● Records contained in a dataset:
***

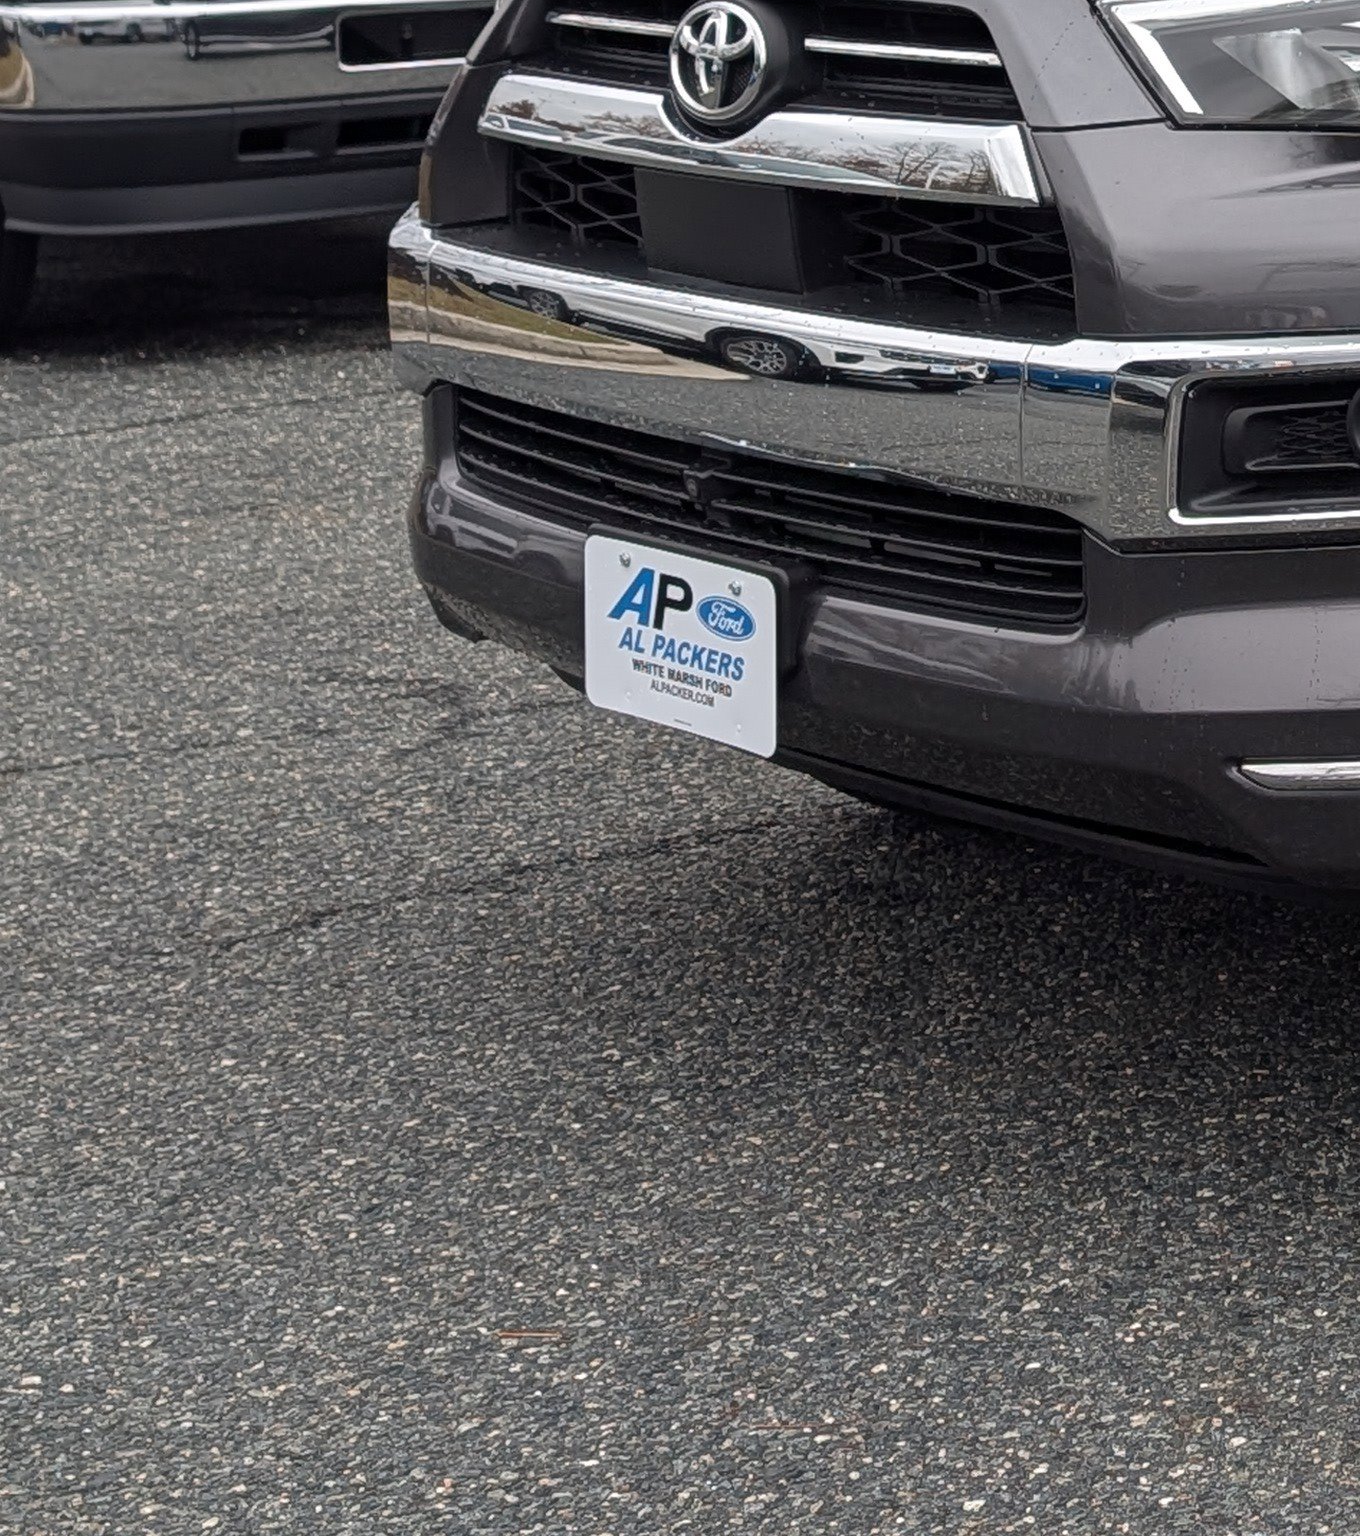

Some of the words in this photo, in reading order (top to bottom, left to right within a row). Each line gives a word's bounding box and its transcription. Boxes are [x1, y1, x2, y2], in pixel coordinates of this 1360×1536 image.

[608, 567, 693, 631] AP
[618, 626, 646, 654] AL
[651, 633, 745, 682] PACKERS
[632, 657, 665, 678] WHITE
[667, 667, 703, 690] MARSH
[705, 678, 733, 698] FORD
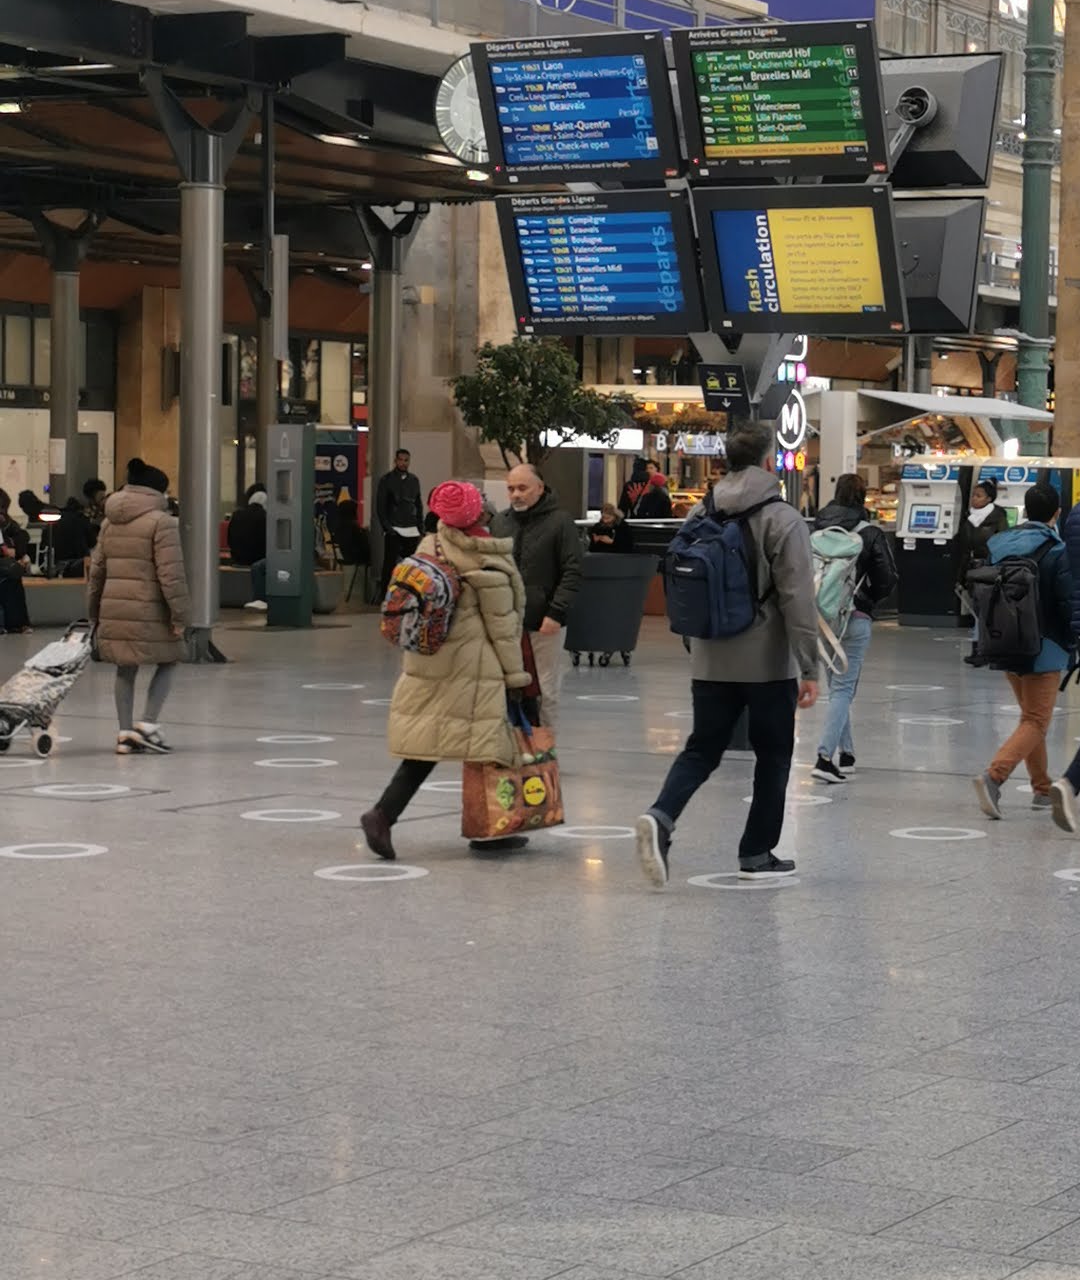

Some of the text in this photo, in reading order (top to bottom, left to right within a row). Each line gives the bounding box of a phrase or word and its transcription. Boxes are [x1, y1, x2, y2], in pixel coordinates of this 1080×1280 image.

[688, 31, 719, 39] Arrivées
[754, 28, 778, 37] Lignes
[486, 39, 570, 52] Départs Grandes Lignes
[748, 50, 793, 60] Dortmund
[795, 47, 811, 58] Hbf
[543, 61, 564, 70] Laon
[750, 70, 790, 81] Bruxelles
[792, 68, 811, 79] Midi
[546, 81, 577, 90] Amiens
[753, 93, 771, 101] Laon
[550, 100, 586, 111] Beauvais
[754, 103, 800, 111] Valenciennes
[553, 120, 611, 131] Saint-Quentin
[511, 196, 595, 206] Départs Grandes Lignes
[652, 225, 678, 312] départs
[756, 214, 780, 312] circulation
[745, 269, 763, 312] flash

***

● TASK TO COMPLETE: Every record above needs to be repeated exactly; pictures are to be left out.

● ANSWER TO THE PROBLEM:
Some of the words in this photo, in reading order (top to bottom, left to right within a row). Each line gives a word's bounding box and its transcription. Boxes are [x1, y1, x2, y2], in pixel coordinates of this 1360×1536 image.

[608, 567, 693, 631] AP
[618, 626, 646, 654] AL
[651, 633, 745, 682] PACKERS
[632, 657, 665, 678] WHITE
[667, 667, 703, 690] MARSH
[705, 678, 733, 698] FORD

Some of the text in this photo, in reading order (top to bottom, left to right within a row). Each line gives the bounding box of a phrase or word and its transcription. Boxes are [x1, y1, x2, y2], in pixel coordinates of this 1080×1280 image.

[688, 31, 719, 39] Arrivées
[754, 28, 778, 37] Lignes
[486, 39, 570, 52] Départs Grandes Lignes
[748, 50, 793, 60] Dortmund
[795, 47, 811, 58] Hbf
[543, 61, 564, 70] Laon
[750, 70, 790, 81] Bruxelles
[792, 68, 811, 79] Midi
[546, 81, 577, 90] Amiens
[753, 93, 771, 101] Laon
[550, 100, 586, 111] Beauvais
[754, 103, 800, 111] Valenciennes
[553, 120, 611, 131] Saint-Quentin
[511, 196, 595, 206] Départs Grandes Lignes
[652, 225, 678, 312] départs
[756, 214, 780, 312] circulation
[745, 269, 763, 312] flash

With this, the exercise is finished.